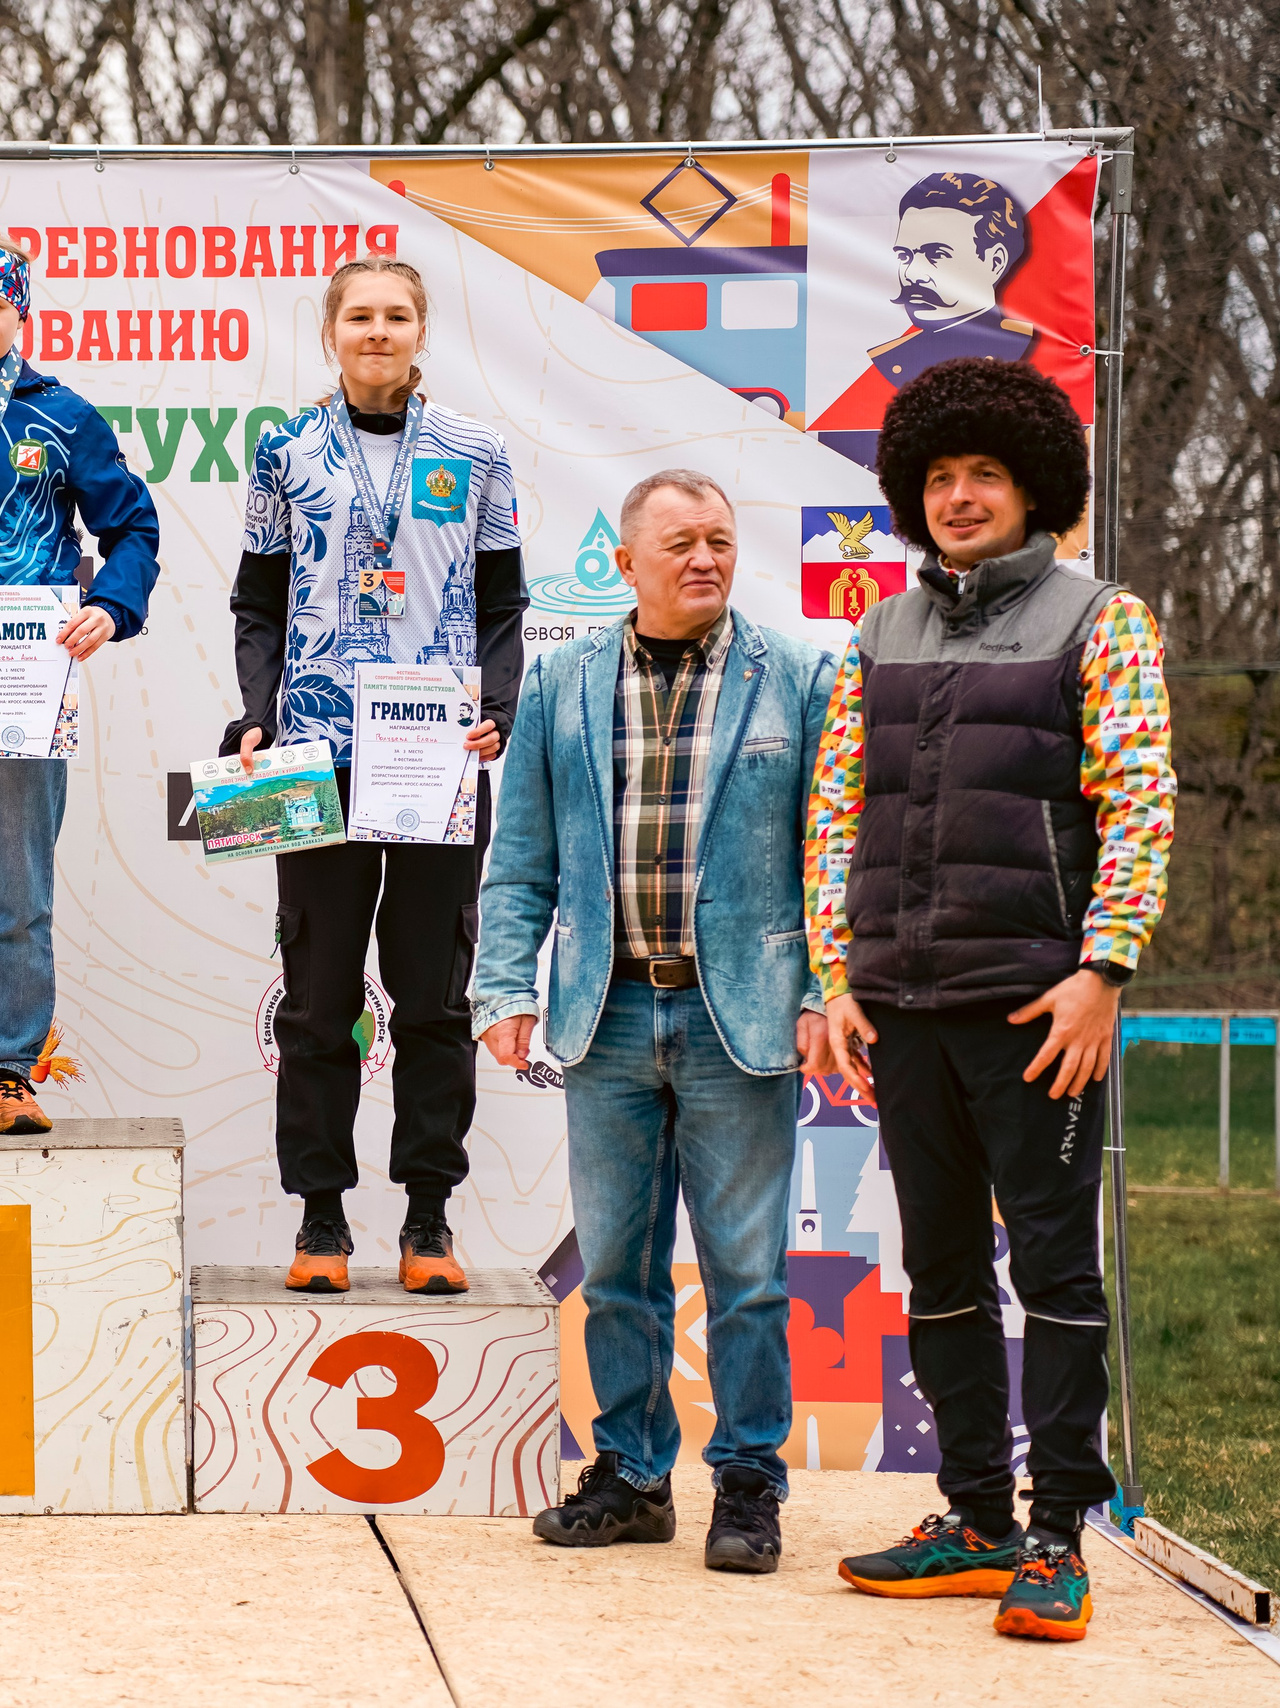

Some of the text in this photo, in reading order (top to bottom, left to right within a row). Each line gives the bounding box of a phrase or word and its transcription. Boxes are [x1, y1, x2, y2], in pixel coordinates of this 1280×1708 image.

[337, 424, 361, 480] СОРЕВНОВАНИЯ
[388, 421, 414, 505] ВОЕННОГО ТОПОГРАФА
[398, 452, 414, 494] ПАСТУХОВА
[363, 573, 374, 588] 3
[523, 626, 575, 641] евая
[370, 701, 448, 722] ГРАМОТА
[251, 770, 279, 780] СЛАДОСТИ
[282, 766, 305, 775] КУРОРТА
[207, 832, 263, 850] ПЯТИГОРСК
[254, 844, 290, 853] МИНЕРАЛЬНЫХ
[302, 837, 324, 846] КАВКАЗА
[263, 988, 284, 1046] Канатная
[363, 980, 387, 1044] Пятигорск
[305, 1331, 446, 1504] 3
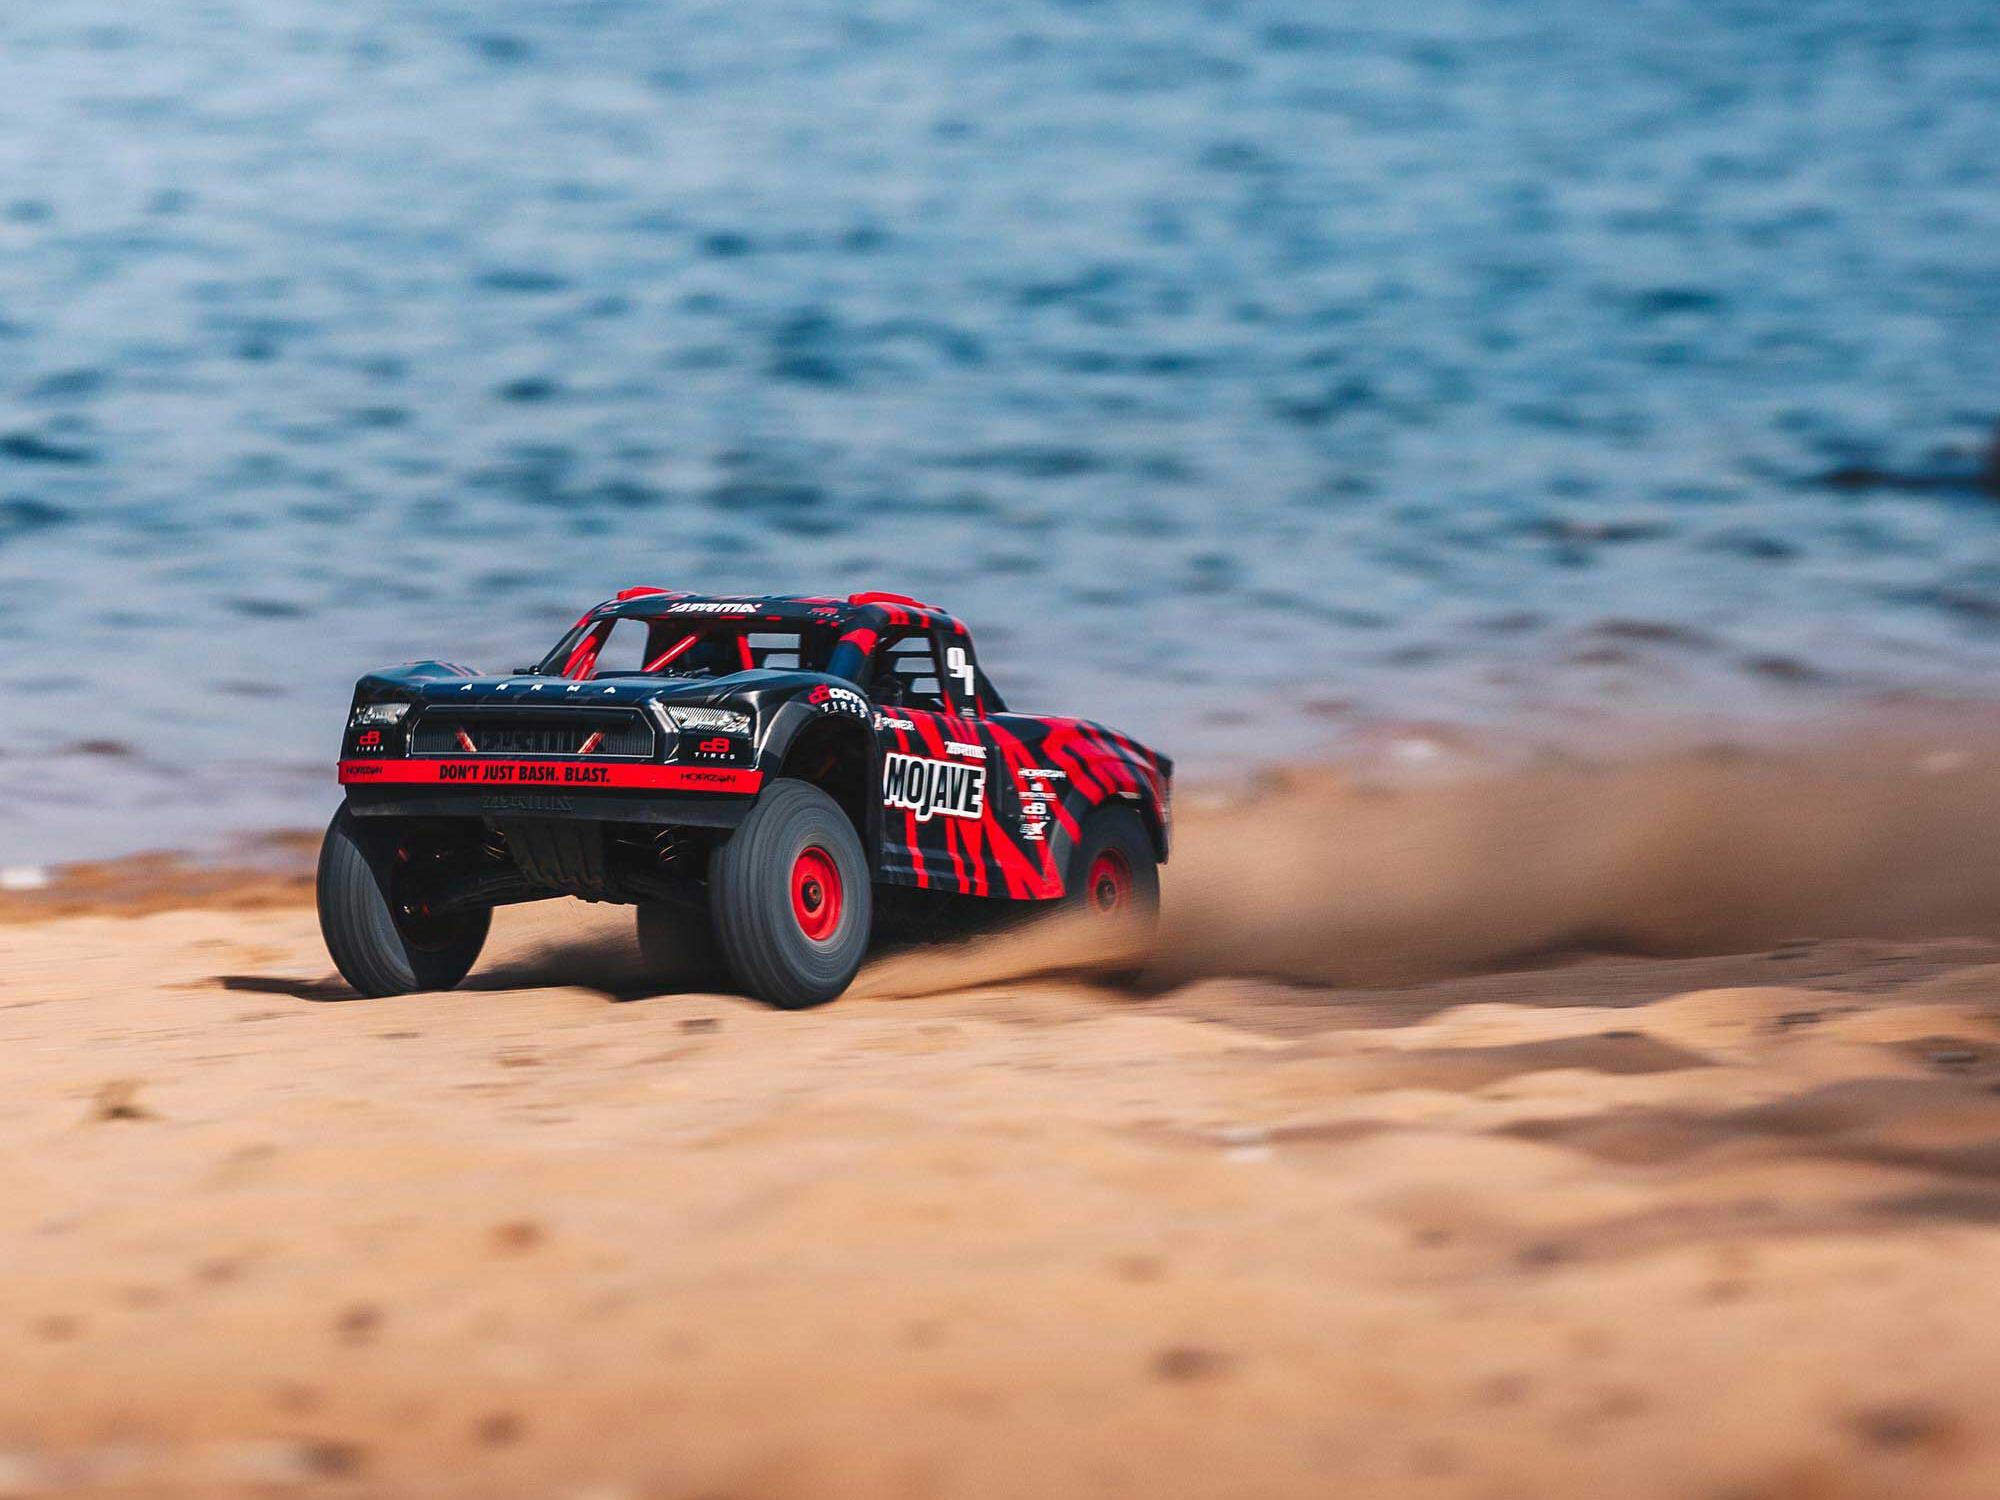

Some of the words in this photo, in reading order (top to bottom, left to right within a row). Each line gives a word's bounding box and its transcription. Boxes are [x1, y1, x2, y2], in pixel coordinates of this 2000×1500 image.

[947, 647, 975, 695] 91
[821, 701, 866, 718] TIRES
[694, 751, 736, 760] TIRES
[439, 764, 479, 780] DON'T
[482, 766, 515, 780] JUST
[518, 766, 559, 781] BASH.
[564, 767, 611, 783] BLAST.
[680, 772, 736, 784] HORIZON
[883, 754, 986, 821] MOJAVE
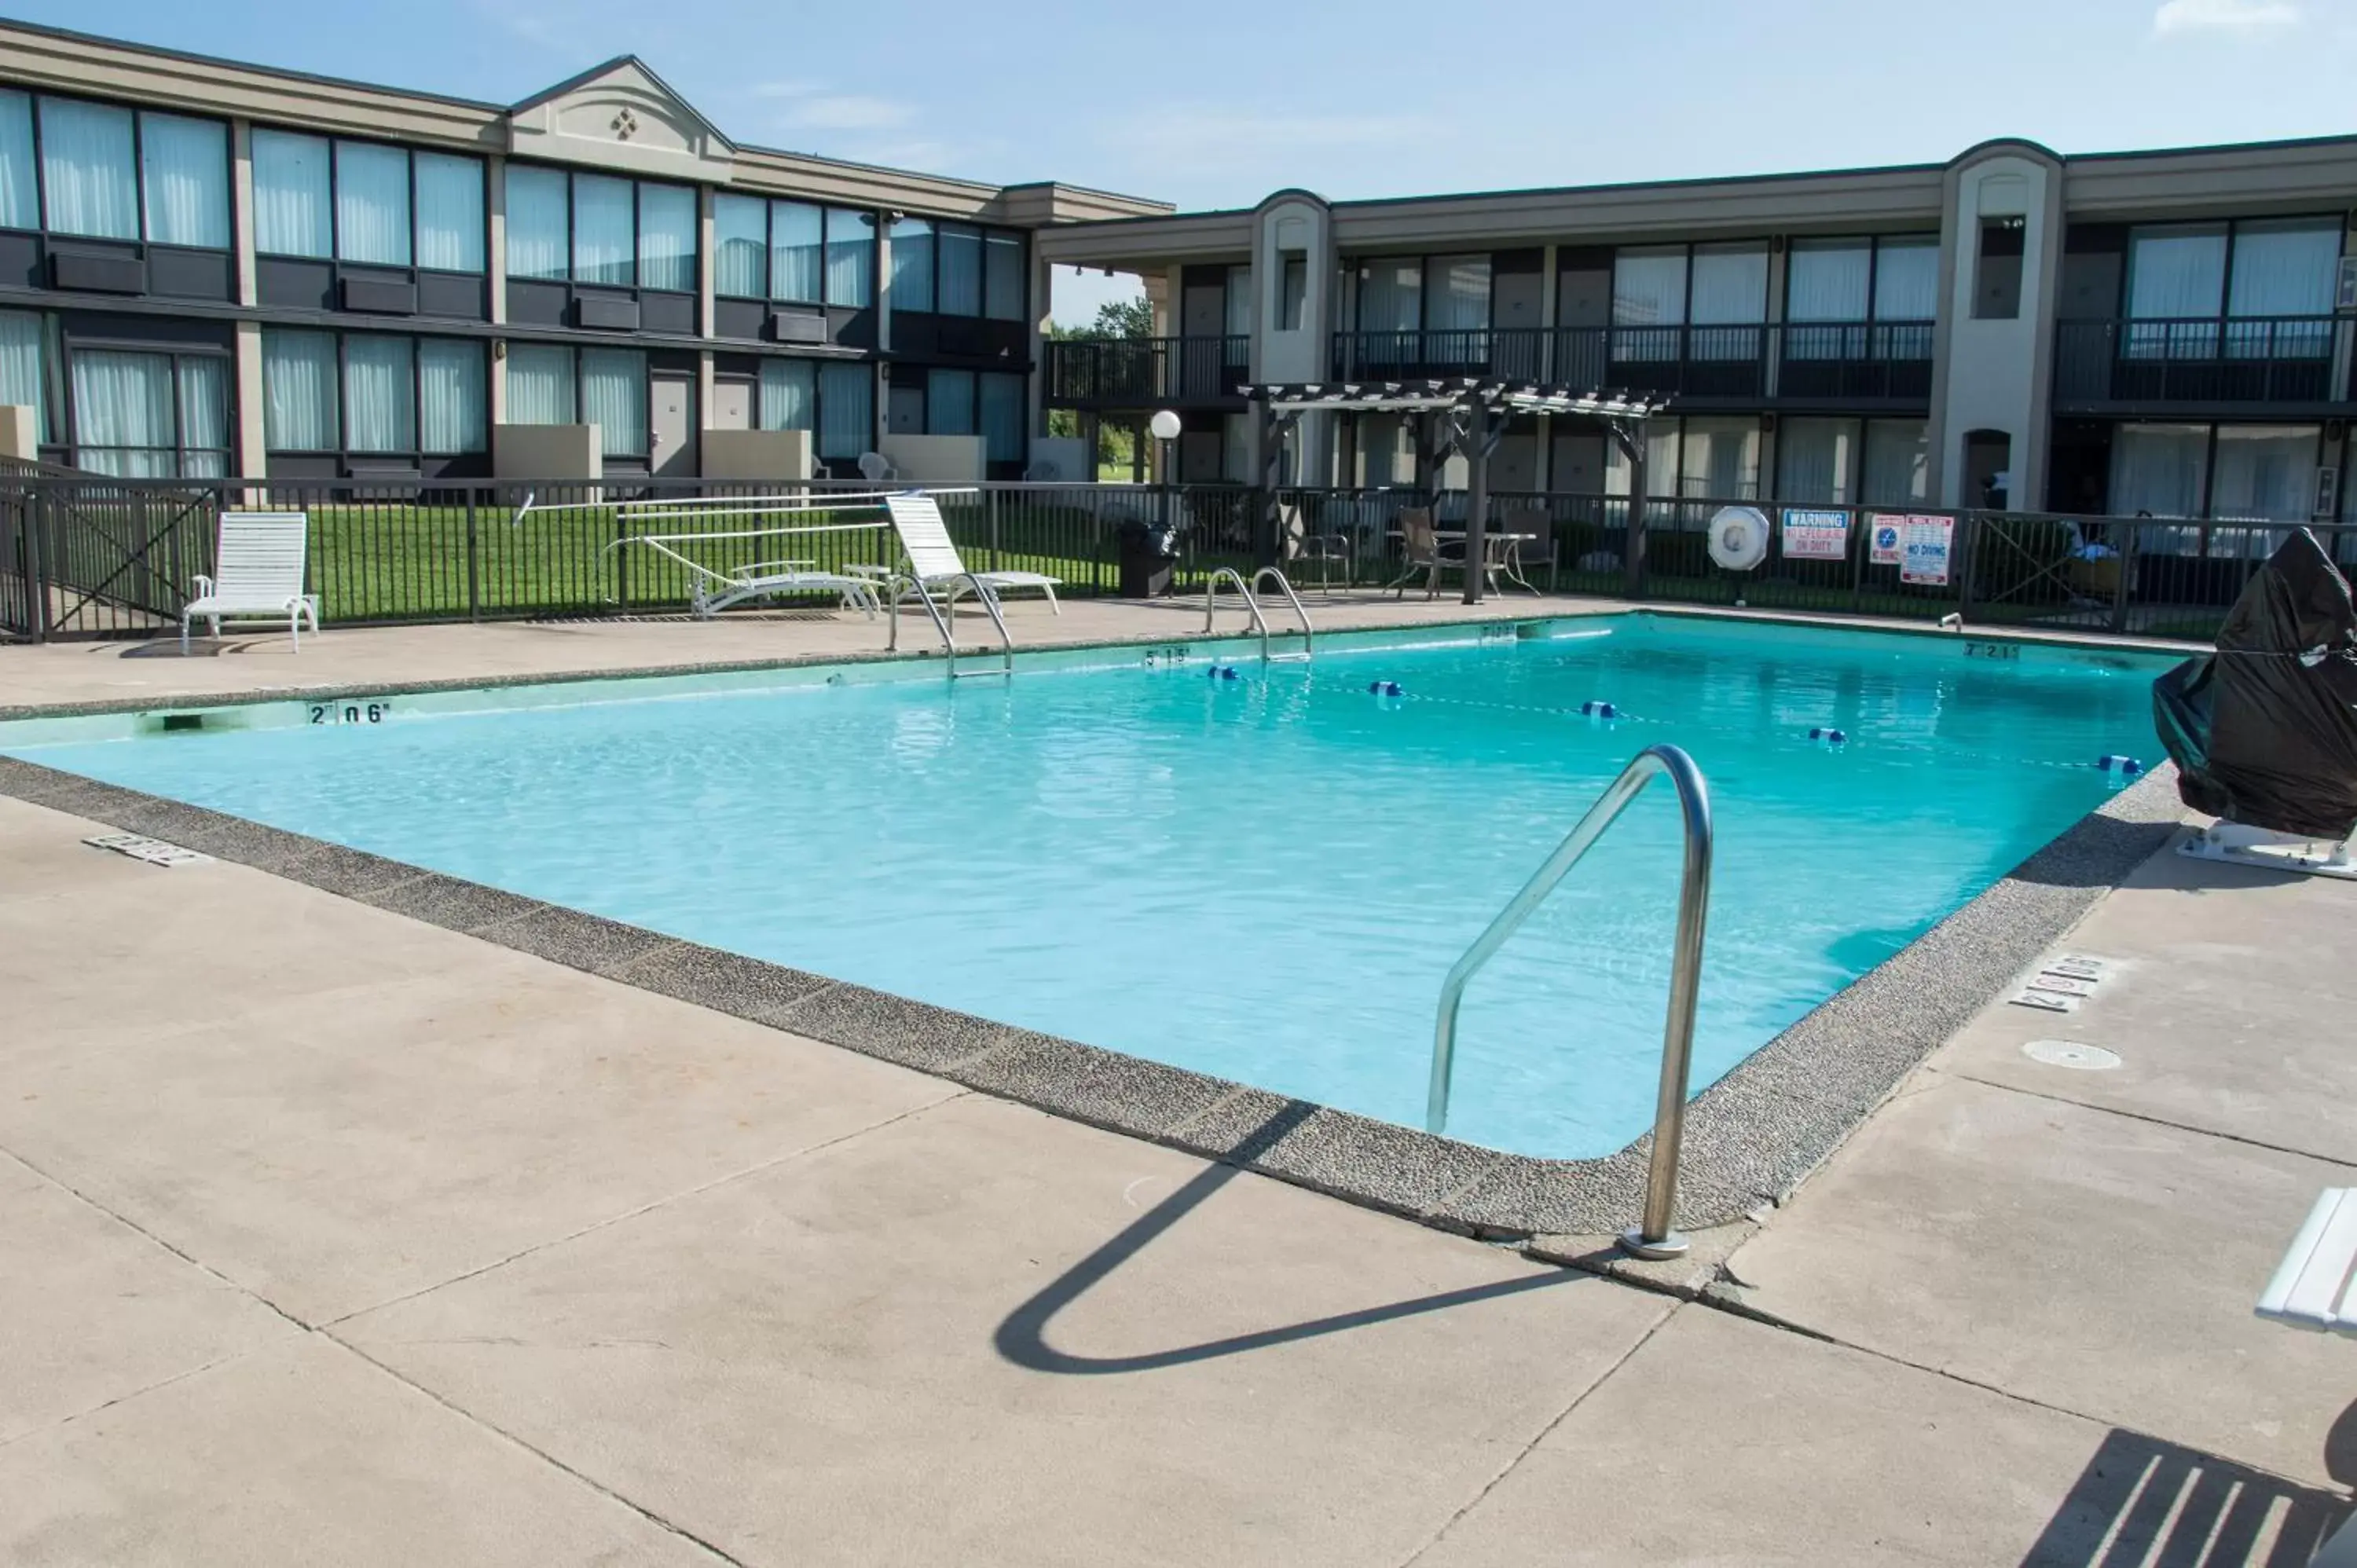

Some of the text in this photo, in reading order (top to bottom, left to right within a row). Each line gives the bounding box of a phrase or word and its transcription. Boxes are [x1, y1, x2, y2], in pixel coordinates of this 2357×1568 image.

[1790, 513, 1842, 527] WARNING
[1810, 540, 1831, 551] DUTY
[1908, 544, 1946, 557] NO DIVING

------------------------------------------------

Exercise instructions - A word-for-word copy of the records above is needed, pictures excluded.

Answer area -
Some of the text in this photo, in reading order (top to bottom, left to right within a row). Each line gives the bounding box of a phrase or word and its transcription. Boxes are [x1, y1, x2, y2], in pixel coordinates of this 1280×1708 image.

[337, 424, 361, 480] СОРЕВНОВАНИЯ
[388, 421, 414, 505] ВОЕННОГО ТОПОГРАФА
[398, 452, 414, 494] ПАСТУХОВА
[363, 573, 374, 588] 3
[523, 626, 575, 641] евая
[370, 701, 448, 722] ГРАМОТА
[251, 770, 279, 780] СЛАДОСТИ
[282, 766, 305, 775] КУРОРТА
[207, 832, 263, 850] ПЯТИГОРСК
[254, 844, 290, 853] МИНЕРАЛЬНЫХ
[302, 837, 324, 846] КАВКАЗА
[263, 988, 284, 1046] Канатная
[363, 980, 387, 1044] Пятигорск
[305, 1331, 446, 1504] 3

Some of the words in this photo, in reading order (top to bottom, left to right within a row). Each line gives a word's bounding box and its transcription. Boxes are [x1, y1, x2, y2], in pixel coordinates of this 2000×1500 image.

[947, 647, 975, 695] 91
[821, 701, 866, 718] TIRES
[694, 751, 736, 760] TIRES
[439, 764, 479, 780] DON'T
[482, 766, 515, 780] JUST
[518, 766, 559, 781] BASH.
[564, 767, 611, 783] BLAST.
[680, 772, 736, 784] HORIZON
[883, 754, 986, 821] MOJAVE

Some of the text in this photo, in reading order (top to bottom, left to right within a row). Each line gives the bounding box of a phrase or word and its transcription. Boxes are [x1, y1, x2, y2], in pixel coordinates of this 2357×1568 image.

[1790, 513, 1842, 527] WARNING
[1810, 540, 1831, 551] DUTY
[1908, 544, 1946, 557] NO DIVING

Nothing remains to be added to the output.